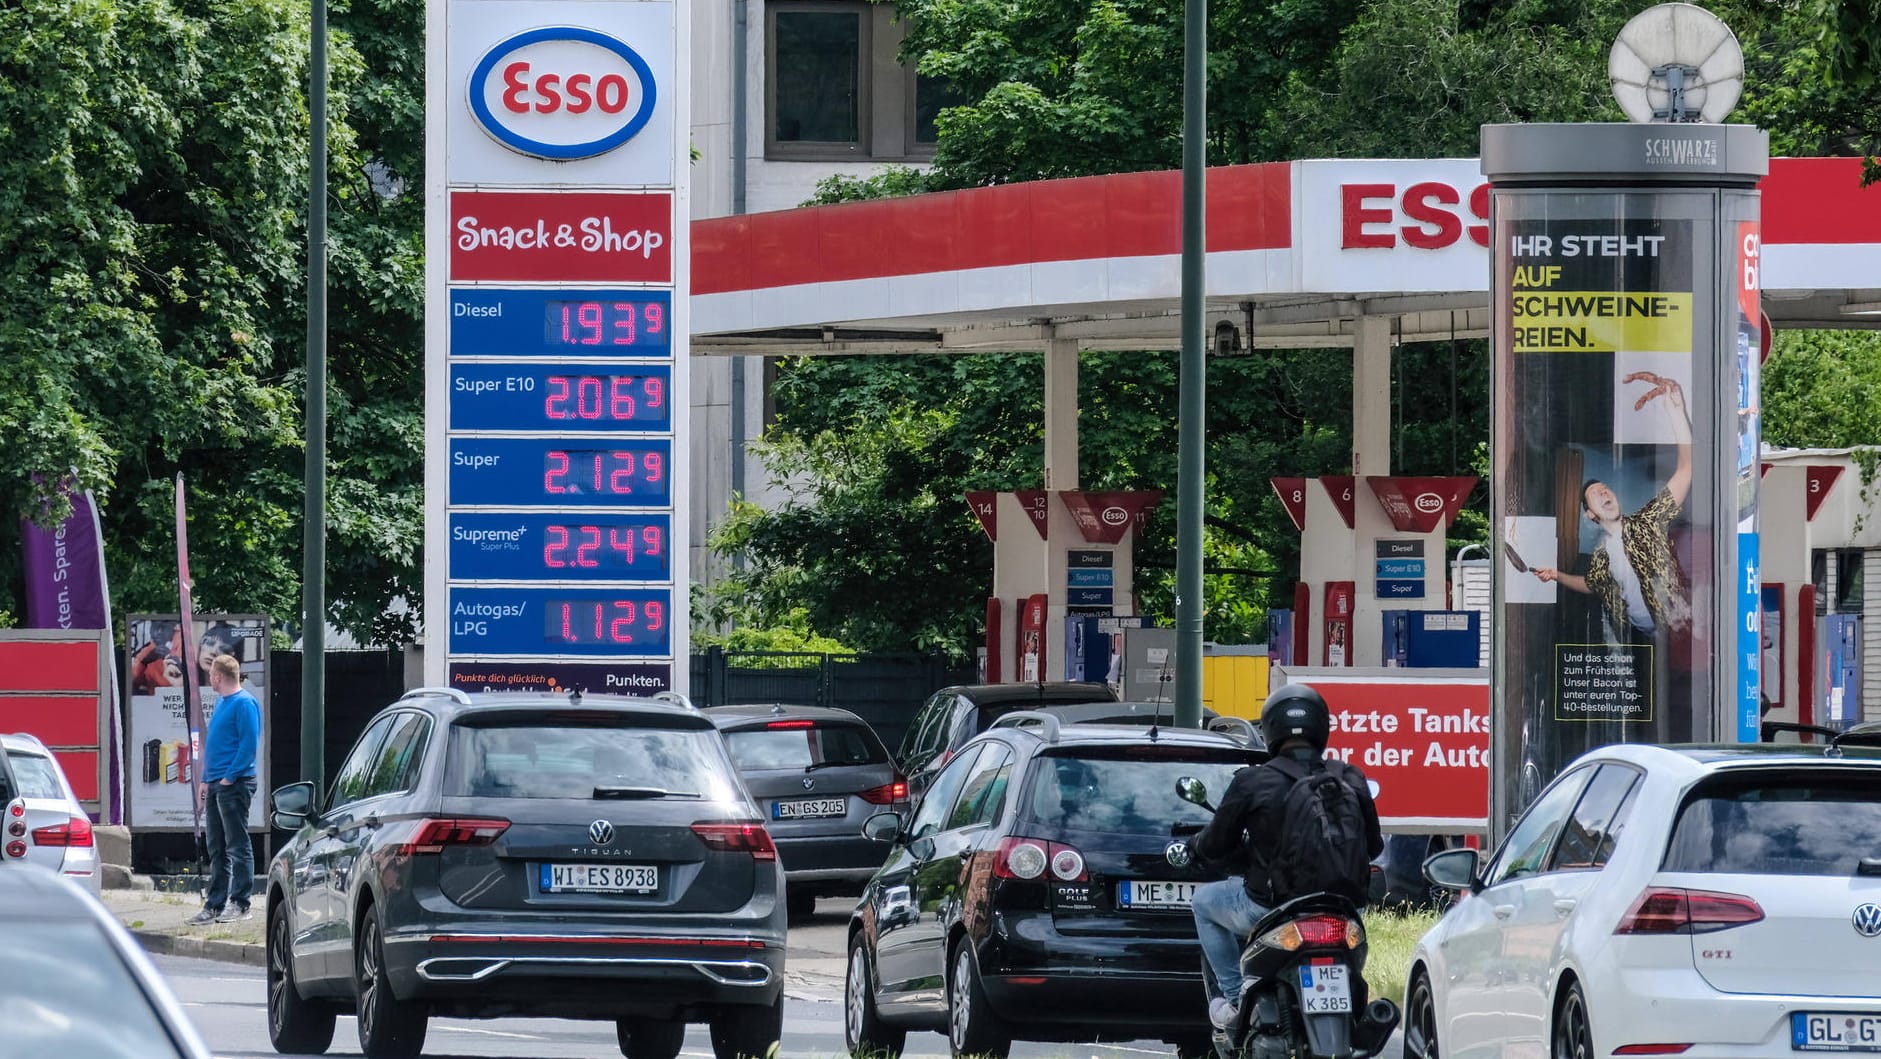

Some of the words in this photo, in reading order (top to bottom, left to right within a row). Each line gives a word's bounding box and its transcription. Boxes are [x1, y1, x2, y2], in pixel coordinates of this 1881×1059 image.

[502, 61, 629, 114] Esso
[1645, 138, 1711, 163] SCHWARZ
[1512, 235, 1553, 257] IHR
[1561, 234, 1666, 257] STEHT
[1512, 265, 1562, 288] AUF
[454, 302, 502, 317] Diesel
[1513, 296, 1680, 318] SCHWEINE-
[1513, 326, 1595, 348] REIEN.
[455, 377, 502, 395] Super
[506, 376, 535, 392] E10
[545, 376, 661, 420] 2.069
[454, 451, 500, 469] Super
[544, 451, 661, 494] 2.129
[1810, 479, 1820, 493] 3
[1292, 490, 1302, 503] 8
[1342, 487, 1351, 501] 6
[977, 503, 993, 515] 14
[1033, 497, 1046, 508] 12
[1419, 498, 1440, 507] Esso
[1033, 510, 1046, 520] 10
[1105, 511, 1125, 520] Esso
[453, 525, 527, 543] Supreme+
[544, 526, 661, 568] 2.249
[480, 542, 502, 552] Super
[503, 542, 520, 551] Plus
[1391, 544, 1414, 552] Diesel
[1081, 555, 1103, 563] Diesel
[1384, 564, 1406, 574] Super
[1406, 564, 1421, 572] E10
[1075, 572, 1095, 582] Super
[1081, 591, 1103, 601] Super
[1391, 584, 1413, 594] Super
[454, 600, 526, 618] Autogas/
[454, 621, 488, 636] LPG
[1563, 652, 1583, 663] Und
[1585, 652, 1602, 663] das
[1604, 652, 1633, 664] schon
[1563, 666, 1583, 675] zum
[454, 673, 486, 683] Punkte
[488, 673, 506, 683] dich
[508, 673, 546, 685] glücklich
[605, 673, 665, 687] Punkten.
[1563, 677, 1591, 688] Unser
[1593, 678, 1623, 688] Bacon
[1625, 678, 1637, 688] ist
[1563, 691, 1587, 700] unter
[1589, 691, 1617, 700] euren
[1619, 690, 1643, 702] Top-
[1563, 701, 1643, 715] 40-Bestellungen.
[1329, 709, 1398, 733] etzte
[1364, 741, 1413, 767] der
[780, 803, 796, 816] EN
[803, 801, 819, 814] GS
[822, 800, 844, 814] 205
[571, 848, 632, 856] TIGUAN
[554, 867, 574, 886] WI
[588, 867, 610, 886] ES
[614, 867, 656, 887] 8938
[1137, 883, 1162, 902] ME
[1702, 949, 1733, 959] GTI
[1319, 967, 1340, 981] ME
[1306, 997, 1317, 1011] K
[1320, 997, 1348, 1010] 385
[1809, 1017, 1842, 1042] GL
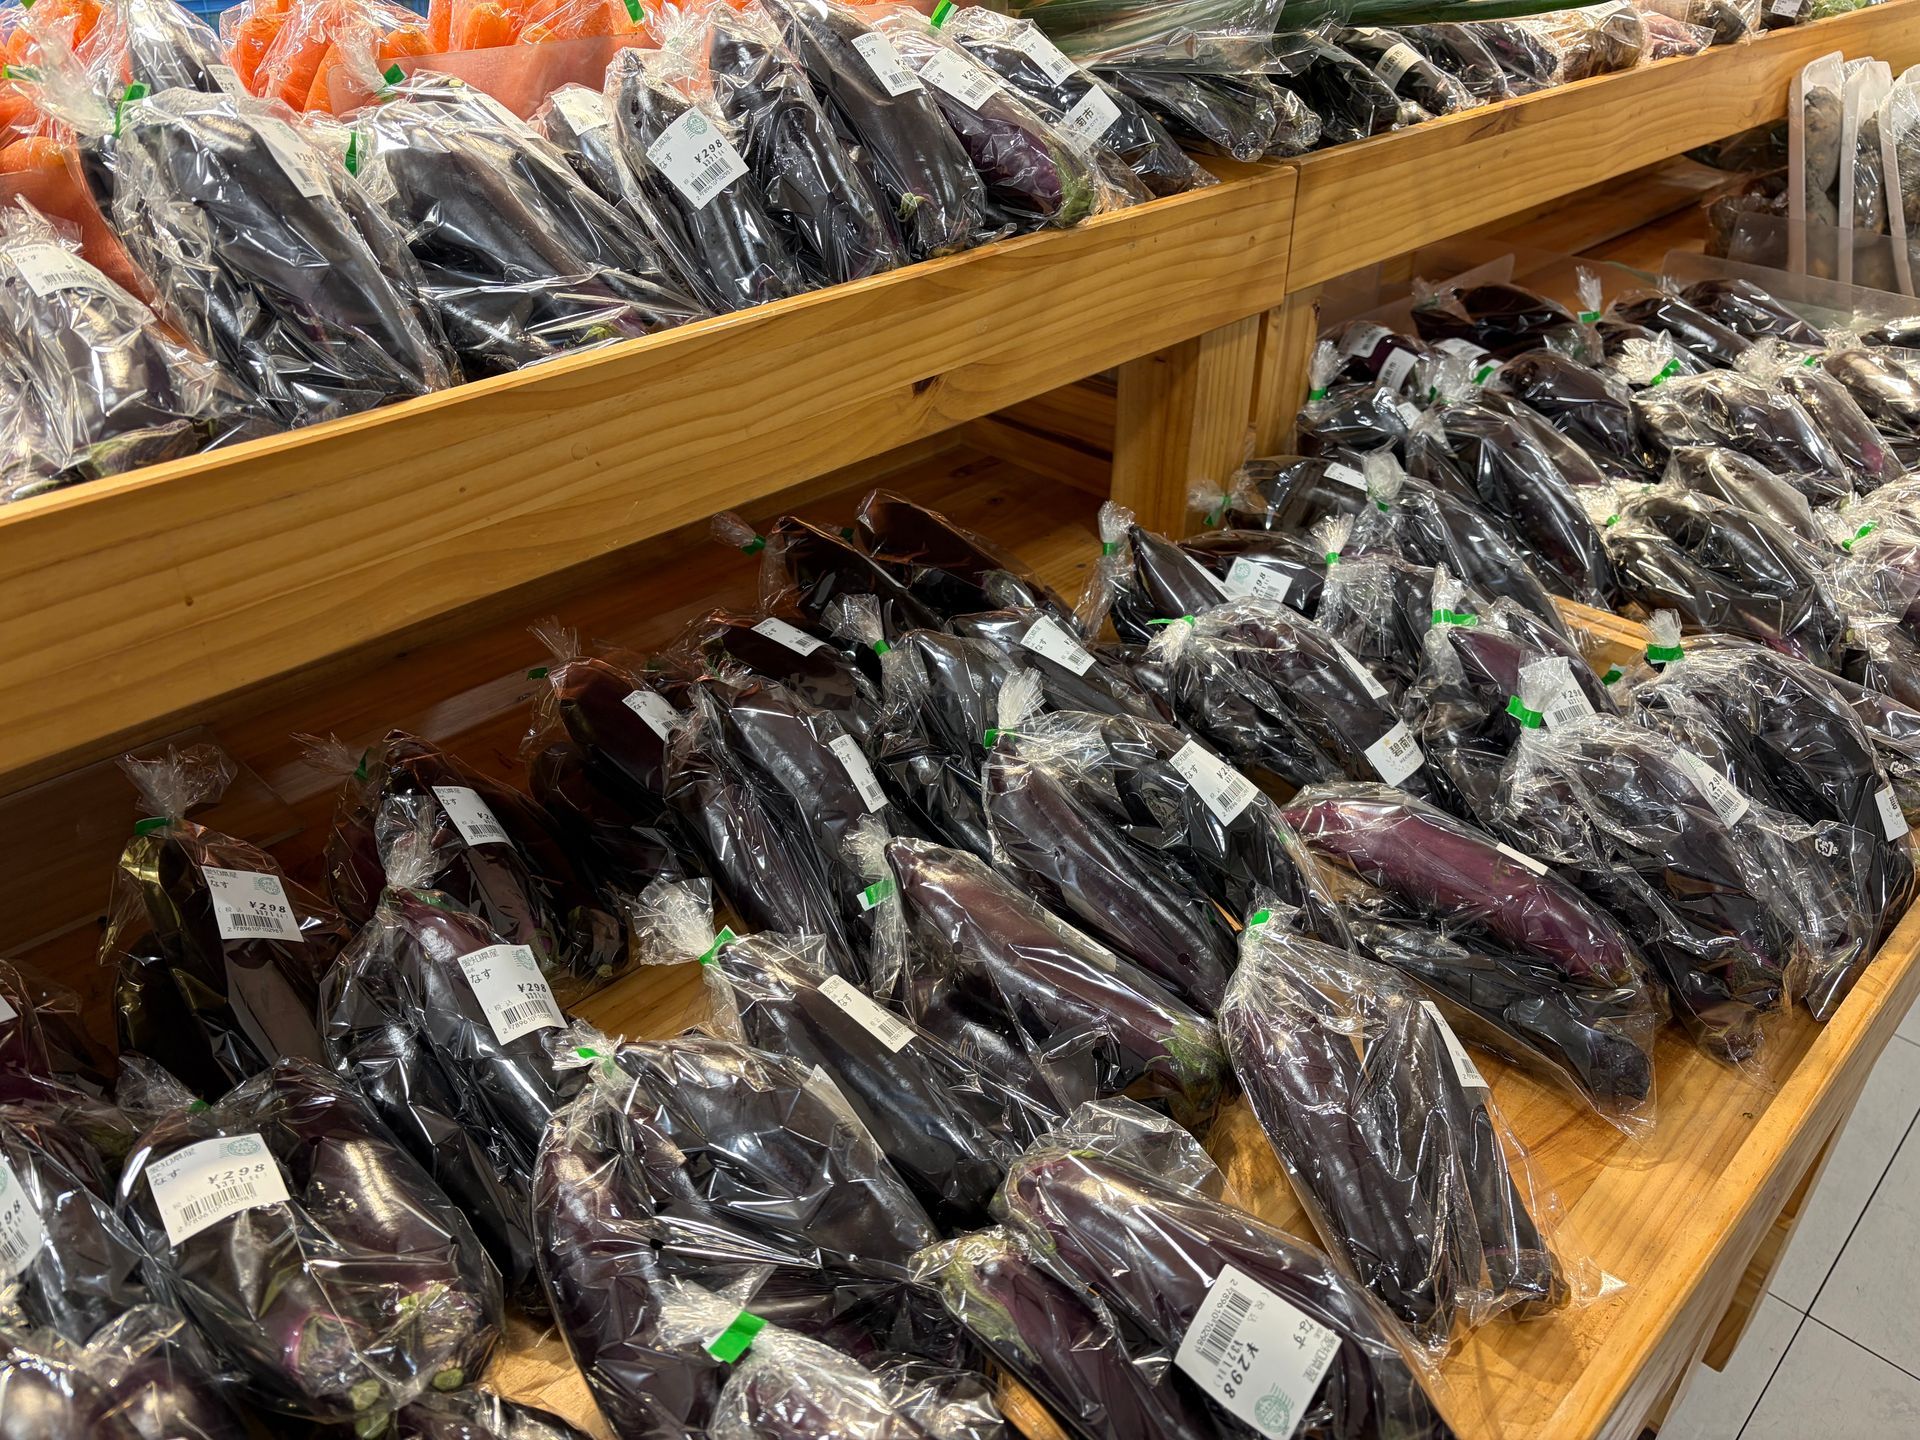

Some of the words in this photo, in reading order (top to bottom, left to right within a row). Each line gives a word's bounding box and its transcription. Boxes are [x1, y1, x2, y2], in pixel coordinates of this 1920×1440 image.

[694, 139, 722, 163] ¥298
[659, 152, 673, 169] なす
[1184, 764, 1198, 779] なす
[210, 880, 228, 889] なす
[249, 901, 286, 913] ¥298
[469, 968, 492, 984] なす
[517, 983, 547, 993] ¥298
[838, 993, 852, 1006] なす
[154, 1168, 182, 1186] なす
[207, 1163, 265, 1184] ¥298
[1230, 1278, 1238, 1286] 2
[1211, 1288, 1230, 1321] 789610
[1293, 1319, 1314, 1350] なす
[1303, 1334, 1337, 1384] 愛知県産
[1223, 1341, 1259, 1399] ¥298

TASK INSTRUCTIONS:
Excluding the pictures, reproduce every entry exactly as given.

WRITTEN REPLY:
Some of the words in this photo, in reading order (top to bottom, left to right within a row). Each line gives a word's bounding box and its transcription. Boxes are [x1, y1, x2, y2], in pixel coordinates of this 1881×1059 image.

[502, 61, 629, 114] Esso
[1645, 138, 1711, 163] SCHWARZ
[1512, 235, 1553, 257] IHR
[1561, 234, 1666, 257] STEHT
[1512, 265, 1562, 288] AUF
[454, 302, 502, 317] Diesel
[1513, 296, 1680, 318] SCHWEINE-
[1513, 326, 1595, 348] REIEN.
[455, 377, 502, 395] Super
[506, 376, 535, 392] E10
[545, 376, 661, 420] 2.069
[454, 451, 500, 469] Super
[544, 451, 661, 494] 2.129
[1810, 479, 1820, 493] 3
[1292, 490, 1302, 503] 8
[1342, 487, 1351, 501] 6
[977, 503, 993, 515] 14
[1033, 497, 1046, 508] 12
[1419, 498, 1440, 507] Esso
[1033, 510, 1046, 520] 10
[1105, 511, 1125, 520] Esso
[453, 525, 527, 543] Supreme+
[544, 526, 661, 568] 2.249
[480, 542, 502, 552] Super
[503, 542, 520, 551] Plus
[1391, 544, 1414, 552] Diesel
[1081, 555, 1103, 563] Diesel
[1384, 564, 1406, 574] Super
[1406, 564, 1421, 572] E10
[1075, 572, 1095, 582] Super
[1081, 591, 1103, 601] Super
[1391, 584, 1413, 594] Super
[454, 600, 526, 618] Autogas/
[454, 621, 488, 636] LPG
[1563, 652, 1583, 663] Und
[1585, 652, 1602, 663] das
[1604, 652, 1633, 664] schon
[1563, 666, 1583, 675] zum
[454, 673, 486, 683] Punkte
[488, 673, 506, 683] dich
[508, 673, 546, 685] glücklich
[605, 673, 665, 687] Punkten.
[1563, 677, 1591, 688] Unser
[1593, 678, 1623, 688] Bacon
[1625, 678, 1637, 688] ist
[1563, 691, 1587, 700] unter
[1589, 691, 1617, 700] euren
[1619, 690, 1643, 702] Top-
[1563, 701, 1643, 715] 40-Bestellungen.
[1329, 709, 1398, 733] etzte
[1364, 741, 1413, 767] der
[780, 803, 796, 816] EN
[803, 801, 819, 814] GS
[822, 800, 844, 814] 205
[571, 848, 632, 856] TIGUAN
[554, 867, 574, 886] WI
[588, 867, 610, 886] ES
[614, 867, 656, 887] 8938
[1137, 883, 1162, 902] ME
[1702, 949, 1733, 959] GTI
[1319, 967, 1340, 981] ME
[1306, 997, 1317, 1011] K
[1320, 997, 1348, 1010] 385
[1809, 1017, 1842, 1042] GL

Some of the words in this photo, in reading order (top to bottom, left to right within a row). Each line gives a word's bounding box and its transcription. Boxes are [x1, y1, x2, y2], in pixel coordinates of this 1920×1440 image.

[694, 139, 722, 163] ¥298
[659, 152, 673, 169] なす
[1184, 764, 1198, 779] なす
[210, 880, 228, 889] なす
[249, 901, 286, 913] ¥298
[469, 968, 492, 984] なす
[517, 983, 547, 993] ¥298
[838, 993, 852, 1006] なす
[154, 1168, 182, 1186] なす
[207, 1163, 265, 1184] ¥298
[1230, 1278, 1238, 1286] 2
[1211, 1288, 1230, 1321] 789610
[1293, 1319, 1314, 1350] なす
[1303, 1334, 1337, 1384] 愛知県産
[1223, 1341, 1259, 1399] ¥298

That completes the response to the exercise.